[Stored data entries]
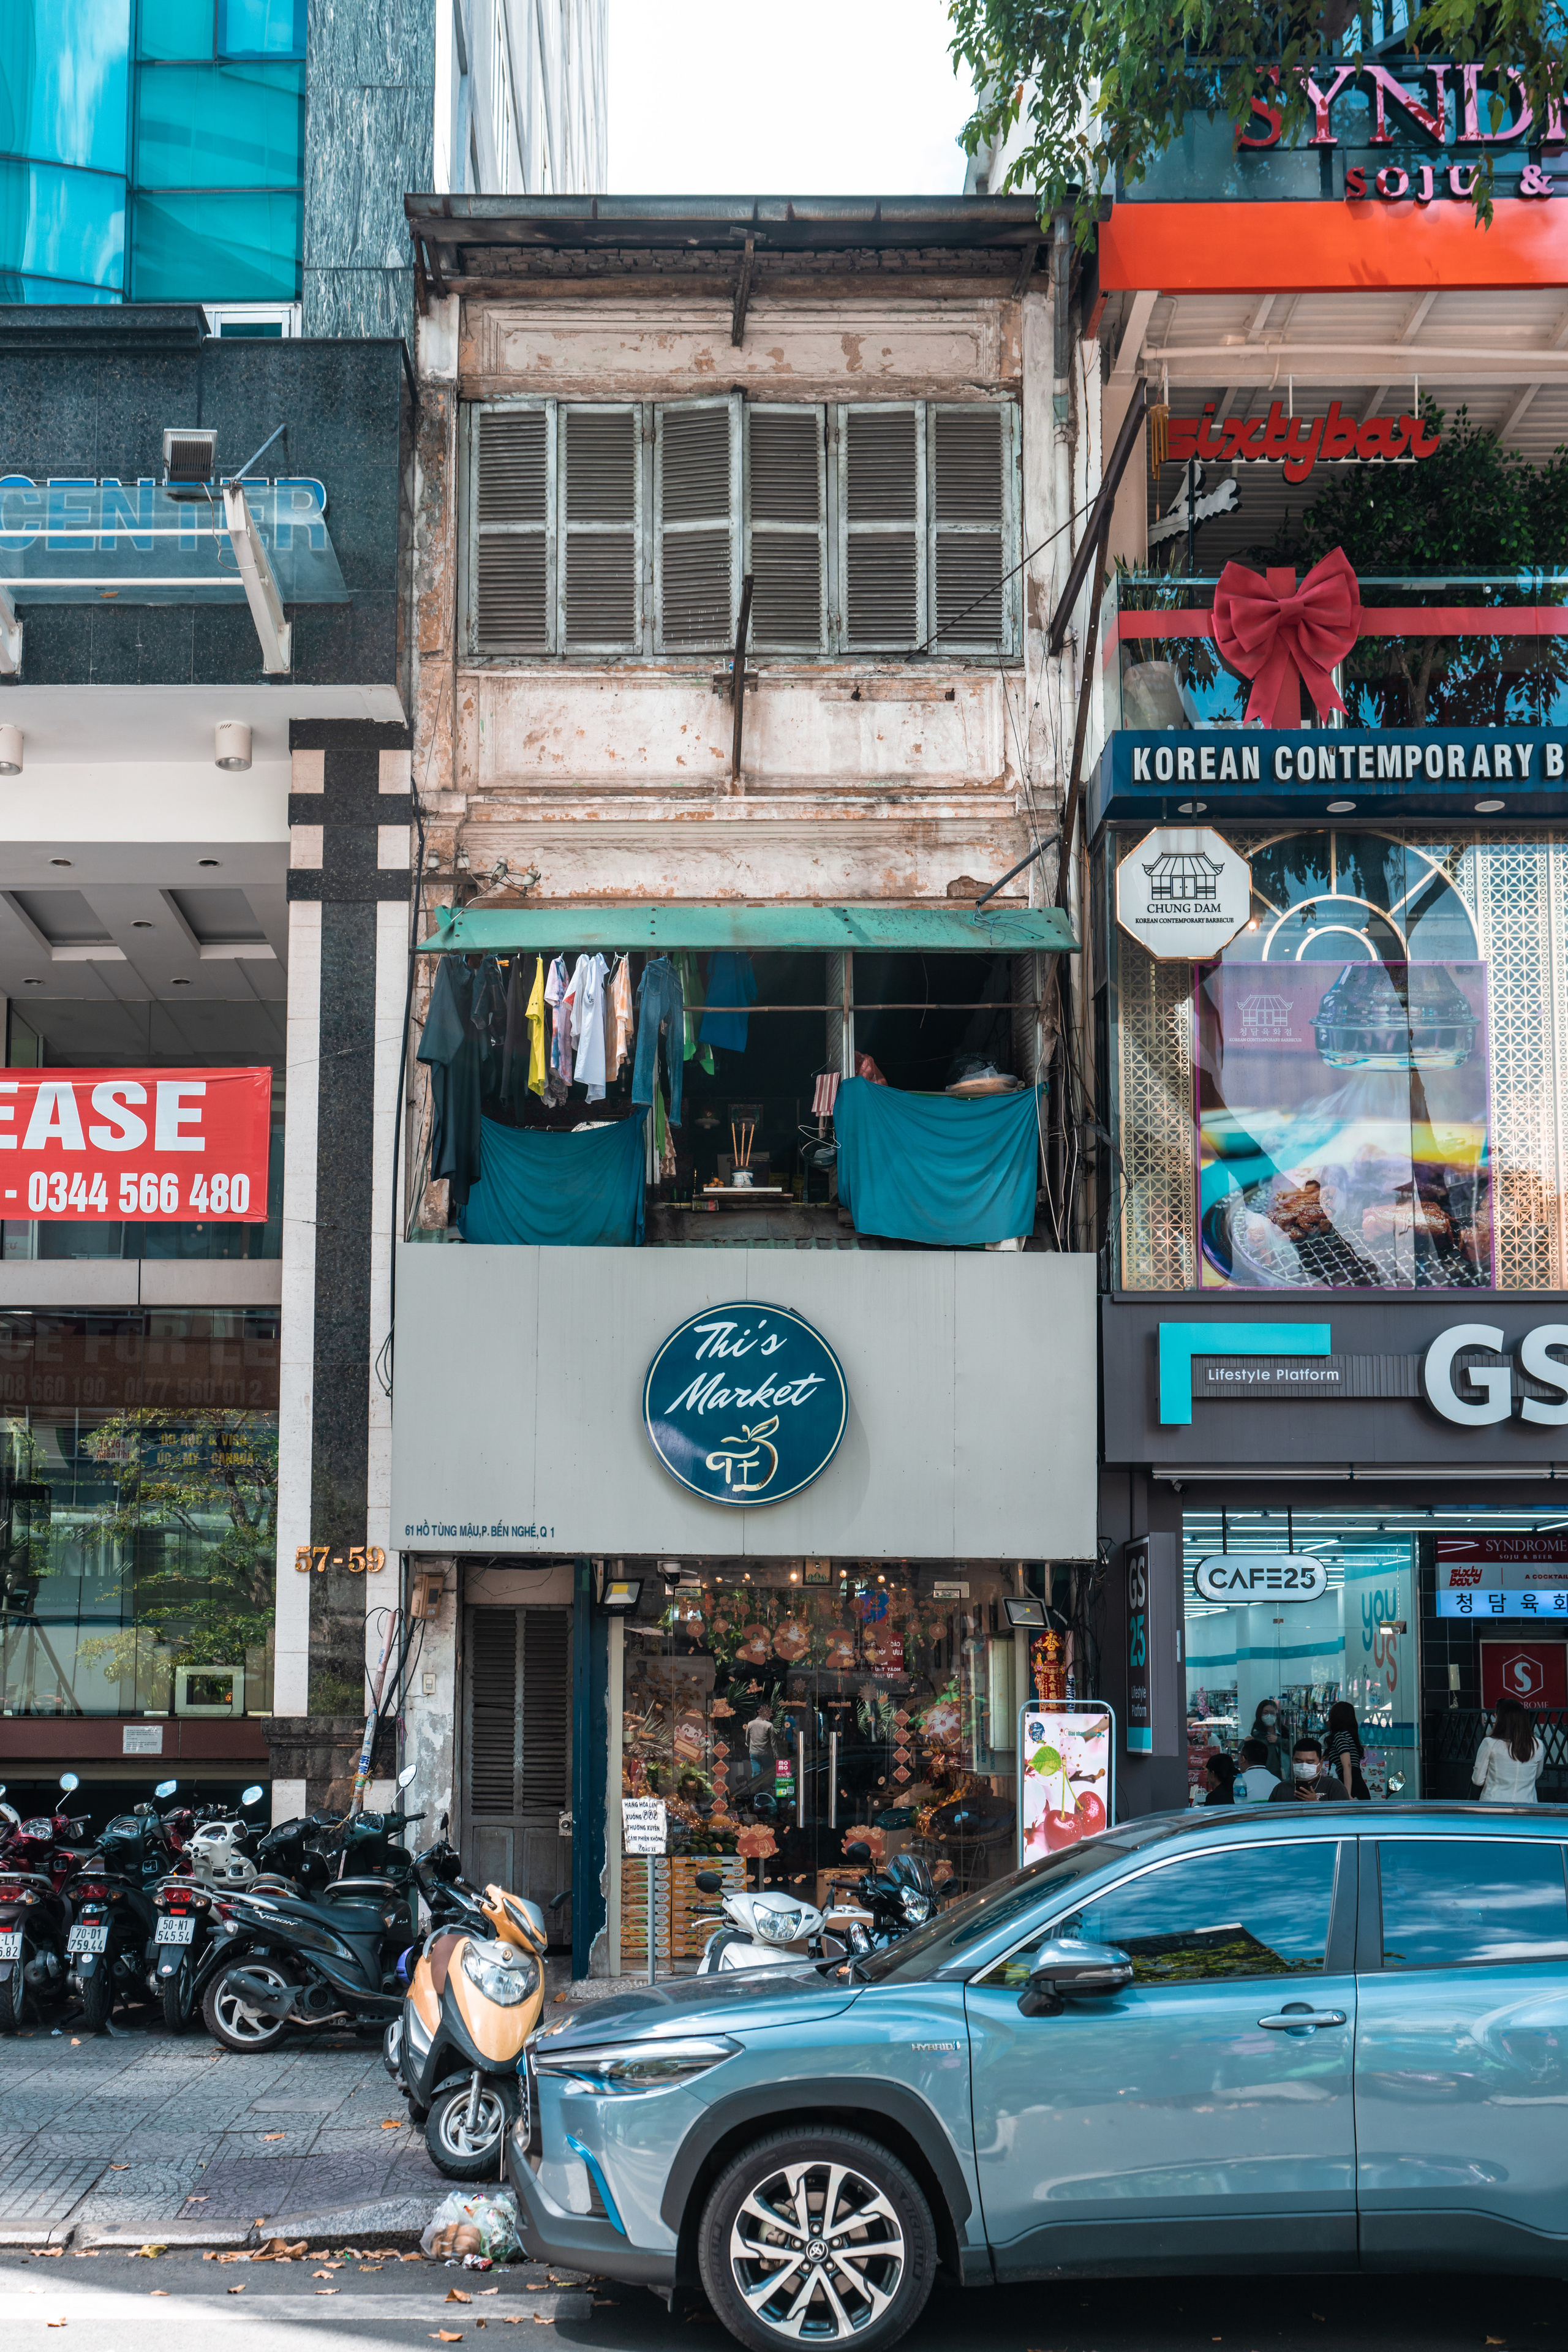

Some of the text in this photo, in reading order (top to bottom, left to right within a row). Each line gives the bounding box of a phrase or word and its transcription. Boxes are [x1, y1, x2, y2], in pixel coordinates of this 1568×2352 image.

[1519, 164, 1555, 196] &
[1169, 401, 1441, 483] sixtybar
[1133, 746, 1260, 783] KOREAN
[1275, 743, 1534, 781] CONTEMPORARY
[1147, 903, 1221, 913] CHUNG DAM
[28, 1171, 108, 1212] 0344
[119, 1172, 179, 1213] 566
[189, 1173, 250, 1213] 480
[694, 1320, 787, 1360] Thi's
[1208, 1368, 1340, 1384] Lifestyle Platform
[1425, 1324, 1568, 1425] GS
[664, 1372, 826, 1415] Market
[405, 1525, 414, 1536] 61
[416, 1519, 430, 1536] HỒ
[432, 1522, 457, 1536] TÙNG
[491, 1520, 509, 1537] BẾN
[1485, 1539, 1567, 1552] SYNDROME
[295, 1546, 386, 1573] 57-59
[1129, 1556, 1145, 1610] GS
[1208, 1567, 1316, 1589] CAFE25
[1449, 1574, 1473, 1586] bar
[1450, 1566, 1483, 1584] sixty
[1129, 1615, 1146, 1667] 25
[70, 1939, 103, 1951] 759.44
[157, 1931, 190, 1942] 545.54
[911, 2042, 956, 2052] HYBRID
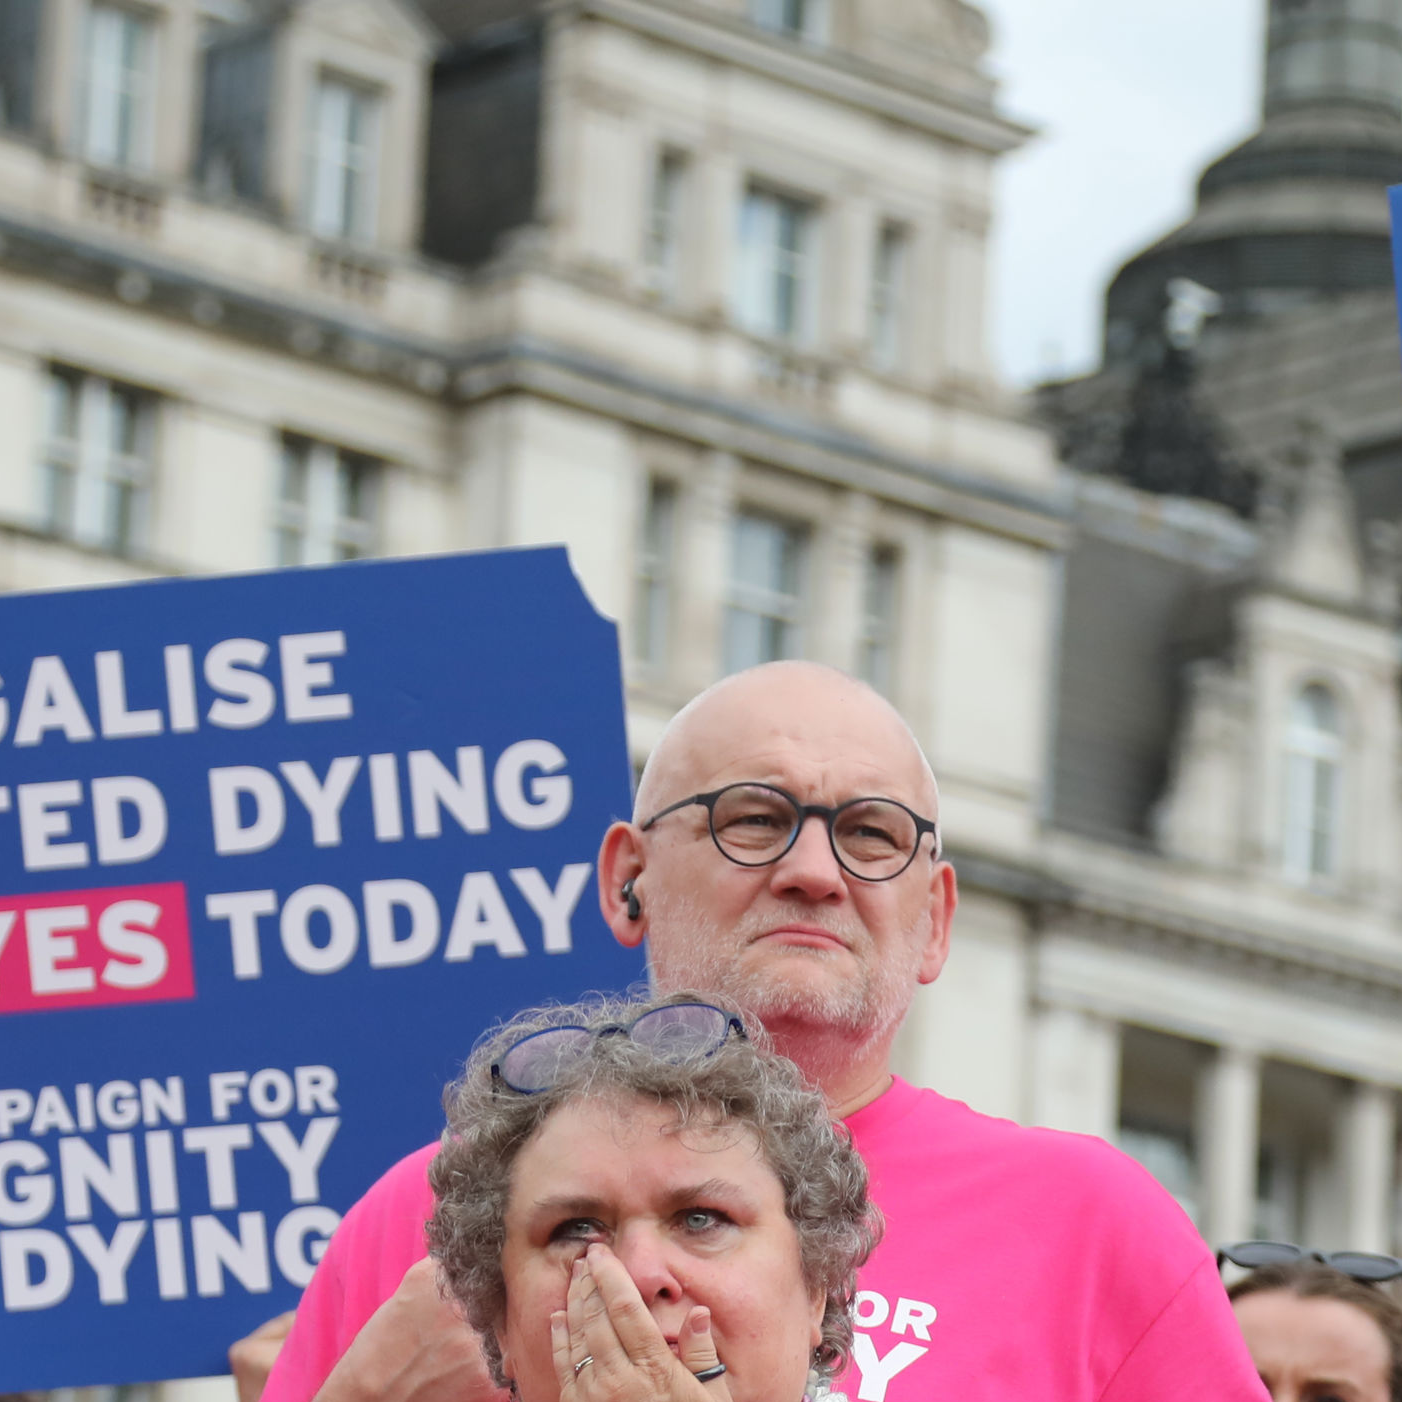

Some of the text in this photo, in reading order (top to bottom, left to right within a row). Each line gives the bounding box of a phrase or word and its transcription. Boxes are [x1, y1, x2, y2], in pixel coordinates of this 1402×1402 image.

◆ What is expected ◆
Print every record above exactly, with no pictures.

◆ Output below ◆
Some of the text in this photo, in reading order (top to bottom, left to right within a row). Each line gives the bounding box of a phrase or word and its transcription. Boxes are [x1, y1, x2, y2], in pixel coordinates of this 1568×2352 image.

[1519, 164, 1555, 196] &
[1169, 401, 1441, 483] sixtybar
[1133, 746, 1260, 783] KOREAN
[1275, 743, 1534, 781] CONTEMPORARY
[1147, 903, 1221, 913] CHUNG DAM
[28, 1171, 108, 1212] 0344
[119, 1172, 179, 1213] 566
[189, 1173, 250, 1213] 480
[694, 1320, 787, 1360] Thi's
[1208, 1368, 1340, 1384] Lifestyle Platform
[1425, 1324, 1568, 1425] GS
[664, 1372, 826, 1415] Market
[405, 1525, 414, 1536] 61
[416, 1519, 430, 1536] HỒ
[432, 1522, 457, 1536] TÙNG
[491, 1520, 509, 1537] BẾN
[1485, 1539, 1567, 1552] SYNDROME
[295, 1546, 386, 1573] 57-59
[1129, 1556, 1145, 1610] GS
[1208, 1567, 1316, 1589] CAFE25
[1449, 1574, 1473, 1586] bar
[1450, 1566, 1483, 1584] sixty
[1129, 1615, 1146, 1667] 25
[70, 1939, 103, 1951] 759.44
[157, 1931, 190, 1942] 545.54
[911, 2042, 956, 2052] HYBRID

Some of the text in this photo, in reading order (top to bottom, left to right within a row). Each line gives the bounding box of a phrase or word and its transcription. Boxes are [x1, y1, x2, y2], in pixel coordinates of this 1402×1402 image.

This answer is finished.